The article is worth reading in its entirety, primarily because of its conceit that Haiti, seething on one end of the island of Hispaniola in the midst of the US sphere of influence in the Caribbean, has developed its present dystopia all by its lonesome self, without any assistance worth mentioning from its gigantic hemispheric neighbor, the United States.

4:53 Updated

UPDATE:  Change you can believe in from the Miami Herald:

The Obama administration is temporarily suspending deportations of undocumented Haitian nationals who are in the United States, Florida Gov. Charlie Crist said Wednesday at a news conference in Miami.

But there are no immediate indications from the Obama administration that it would grant Haitian nationals Temporary Protected Status in the aftermath of Tuesday’s earthquake.

Better known by its acronym TPS, the immigration benefit is given to certain immigrants in the United States who cannot safely return to their countries because of armed conflicts, natural disasters or other emergencies. Those eligible for TPS are allowed to remain in the United States.

The approval of TPS has been long sought by Haitian activists and South Florida lawmakers.

On Wednesday, South Florida’s three Cuban-American Republican members of Congress — Reps. Lincoln and his brother Mario Diaz-Balart, and Rep. Ileana Ros-Lehtinen, sent a letter Wednesday to President Obama requesting immediate humanitarian aid for Haiti and TPS for Haitian nationals in the United States.

“How much does Haiti have to suffer before Haitians in the United States are granted TPS,” Lincoln Diaz-Balart told El Nuevo Herald in a telephone interview Wednesday. “The reason TPS exists… as an option for the President is precisely for moments such as this in Haiti.”

4:53 is the official time noted that the earthquake that hit Haiti yesterday. Right around the time that TheMomCat and I were casually commenting here. Weird.


It is still unclear how many have been killed in the earthquake, which measured 7.2 on the Richter scale, but aid agencies fear thousands are dead.

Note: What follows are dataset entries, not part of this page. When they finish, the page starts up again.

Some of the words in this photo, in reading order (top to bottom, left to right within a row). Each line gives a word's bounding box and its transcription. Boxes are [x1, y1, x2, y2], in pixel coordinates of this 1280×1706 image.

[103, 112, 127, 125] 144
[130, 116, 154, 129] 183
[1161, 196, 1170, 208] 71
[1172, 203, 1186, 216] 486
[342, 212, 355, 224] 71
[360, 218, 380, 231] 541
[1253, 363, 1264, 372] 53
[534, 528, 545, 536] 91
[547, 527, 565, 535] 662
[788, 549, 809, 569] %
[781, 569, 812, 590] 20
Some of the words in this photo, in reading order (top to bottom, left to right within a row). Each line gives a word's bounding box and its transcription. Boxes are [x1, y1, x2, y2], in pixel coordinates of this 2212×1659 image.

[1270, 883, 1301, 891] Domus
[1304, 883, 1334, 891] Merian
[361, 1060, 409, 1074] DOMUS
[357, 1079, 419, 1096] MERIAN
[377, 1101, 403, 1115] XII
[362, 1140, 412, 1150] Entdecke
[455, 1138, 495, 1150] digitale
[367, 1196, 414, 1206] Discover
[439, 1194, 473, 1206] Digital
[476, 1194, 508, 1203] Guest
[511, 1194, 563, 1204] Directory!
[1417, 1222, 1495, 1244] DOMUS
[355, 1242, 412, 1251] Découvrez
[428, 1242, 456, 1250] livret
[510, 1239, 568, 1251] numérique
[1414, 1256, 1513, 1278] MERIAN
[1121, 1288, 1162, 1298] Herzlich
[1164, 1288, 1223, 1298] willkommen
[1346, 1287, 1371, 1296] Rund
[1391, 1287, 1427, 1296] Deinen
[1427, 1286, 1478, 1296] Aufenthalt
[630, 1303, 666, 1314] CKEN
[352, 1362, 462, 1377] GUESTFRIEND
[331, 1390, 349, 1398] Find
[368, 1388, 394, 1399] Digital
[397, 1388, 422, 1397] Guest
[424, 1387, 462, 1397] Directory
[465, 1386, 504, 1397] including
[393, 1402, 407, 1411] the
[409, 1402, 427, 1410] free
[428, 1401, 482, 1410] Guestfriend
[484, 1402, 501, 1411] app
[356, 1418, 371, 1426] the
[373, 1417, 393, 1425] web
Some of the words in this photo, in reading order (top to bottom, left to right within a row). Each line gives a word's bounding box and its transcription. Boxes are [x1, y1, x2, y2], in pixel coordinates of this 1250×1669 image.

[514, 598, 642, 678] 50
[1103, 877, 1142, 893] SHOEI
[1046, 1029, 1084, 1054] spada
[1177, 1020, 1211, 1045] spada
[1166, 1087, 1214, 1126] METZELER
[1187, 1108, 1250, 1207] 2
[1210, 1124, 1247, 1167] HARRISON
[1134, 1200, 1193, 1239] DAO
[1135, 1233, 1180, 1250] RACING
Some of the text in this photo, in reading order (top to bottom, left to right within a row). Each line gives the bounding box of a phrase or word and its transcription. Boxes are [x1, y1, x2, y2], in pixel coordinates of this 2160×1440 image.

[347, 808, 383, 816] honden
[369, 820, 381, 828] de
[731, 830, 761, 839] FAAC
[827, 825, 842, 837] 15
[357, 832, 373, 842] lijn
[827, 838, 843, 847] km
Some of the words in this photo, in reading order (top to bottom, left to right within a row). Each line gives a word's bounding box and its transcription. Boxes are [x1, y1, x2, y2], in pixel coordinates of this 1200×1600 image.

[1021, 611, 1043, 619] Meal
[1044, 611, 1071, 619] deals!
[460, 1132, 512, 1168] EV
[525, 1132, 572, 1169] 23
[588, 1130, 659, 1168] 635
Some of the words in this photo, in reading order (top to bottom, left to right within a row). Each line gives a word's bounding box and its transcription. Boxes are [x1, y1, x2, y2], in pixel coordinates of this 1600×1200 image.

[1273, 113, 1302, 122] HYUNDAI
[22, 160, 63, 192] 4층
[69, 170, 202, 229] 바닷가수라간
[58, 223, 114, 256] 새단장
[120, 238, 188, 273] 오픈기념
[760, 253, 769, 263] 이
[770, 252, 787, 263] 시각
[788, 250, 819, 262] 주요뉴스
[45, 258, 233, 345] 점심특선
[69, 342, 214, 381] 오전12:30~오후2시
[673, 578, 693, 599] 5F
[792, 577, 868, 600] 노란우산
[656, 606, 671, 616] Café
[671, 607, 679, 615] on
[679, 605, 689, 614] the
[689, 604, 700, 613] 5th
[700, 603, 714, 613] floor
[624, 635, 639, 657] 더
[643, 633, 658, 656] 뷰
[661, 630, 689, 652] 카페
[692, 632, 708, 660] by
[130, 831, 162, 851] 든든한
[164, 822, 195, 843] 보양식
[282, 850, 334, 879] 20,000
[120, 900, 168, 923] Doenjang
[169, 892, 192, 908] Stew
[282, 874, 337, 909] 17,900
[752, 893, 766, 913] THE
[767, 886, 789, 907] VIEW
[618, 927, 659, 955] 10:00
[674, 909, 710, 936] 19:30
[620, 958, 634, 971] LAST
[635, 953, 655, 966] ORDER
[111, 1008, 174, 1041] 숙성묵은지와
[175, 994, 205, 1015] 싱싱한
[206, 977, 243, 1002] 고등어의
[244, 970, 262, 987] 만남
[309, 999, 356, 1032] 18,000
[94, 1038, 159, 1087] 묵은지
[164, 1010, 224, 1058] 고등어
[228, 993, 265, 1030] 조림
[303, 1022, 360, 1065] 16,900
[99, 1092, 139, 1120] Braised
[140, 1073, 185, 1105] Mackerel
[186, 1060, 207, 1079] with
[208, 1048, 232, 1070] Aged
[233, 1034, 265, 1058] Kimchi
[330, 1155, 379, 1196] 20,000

My daughter and I said some special prayers last night as we snuggled in our warm bed. Empathy. I couldn’t get the idea out of my head of what it must be like for the people there. What a dreadful deep dark night they were facing. Even though there weren’t many photos out yet, I could only begin to imagine. Having been through Hurricane Ike here a couple of summers ago, I at least know the frustration and dismay that comes with no power, no communication, no relief. But we were fine. Can’t even begin to compare. We were able to camp out in (and outside) our old funky but sturdy home, get in our funky little  car and drive back and forth to The Pod for government issued emergency water and supplies, and listen to our Emergency Weather Radio. A walk in the park for us. I cannot comprehend this…

Bodies on the streets

Aftershocks rattled the city of 2 million people as women covered in dust clawed out of debris, wailing. Stunned people wandered the streets holding hands. Thousands gathered in public squares singing hymns.

People pulled bodies from collapsed homes, covering them with sheets by the side of the road. Passersby lifted the sheets to see if a loved one was underneath. Outside a crumbled building the bodies of five children and three adults lay in a pile.


Haitian President René Préval told the Miami Herald that he had been stepping over dead bodies and hearing the cries of those trapped under the rubble of the national Parliament building, describing the scene as “unimaginable.”

“Parliament has collapsed. The tax office has collapsed. Schools have collapsed. Hospitals have collapsed,” he said.

Préval issued an urgent appeal for aid.

Tens of thousands of people appear to have lost their homes and many perished in collapsed buildings that were flimsy and dangerous even under normal conditions.

“The hospitals cannot handle all these victims,” Dr. Louis-Gerard Gilles, a former senator, said as he helped survivors. “Haiti needs to pray. We all need to pray together.”